**Problem:** Return all entries below exactly. Skip nothing.

**Source material:**
★ ★ ★
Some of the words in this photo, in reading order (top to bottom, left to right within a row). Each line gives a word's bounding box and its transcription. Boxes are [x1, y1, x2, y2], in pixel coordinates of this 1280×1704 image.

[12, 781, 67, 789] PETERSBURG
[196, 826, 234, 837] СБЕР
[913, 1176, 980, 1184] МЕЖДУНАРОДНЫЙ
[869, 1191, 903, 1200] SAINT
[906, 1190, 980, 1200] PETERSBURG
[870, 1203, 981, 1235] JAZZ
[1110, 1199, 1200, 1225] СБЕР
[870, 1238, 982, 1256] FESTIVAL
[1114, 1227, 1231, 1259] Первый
★ ★ ★
**Answer to the exercise:**
Some of the words in this photo, in reading order (top to bottom, left to right within a row). Each line gives a word's bounding box and its transcription. Boxes are [x1, y1, x2, y2], in pixel coordinates of this 1280×1704 image.

[12, 781, 67, 789] PETERSBURG
[196, 826, 234, 837] СБЕР
[913, 1176, 980, 1184] МЕЖДУНАРОДНЫЙ
[869, 1191, 903, 1200] SAINT
[906, 1190, 980, 1200] PETERSBURG
[870, 1203, 981, 1235] JAZZ
[1110, 1199, 1200, 1225] СБЕР
[870, 1238, 982, 1256] FESTIVAL
[1114, 1227, 1231, 1259] Первый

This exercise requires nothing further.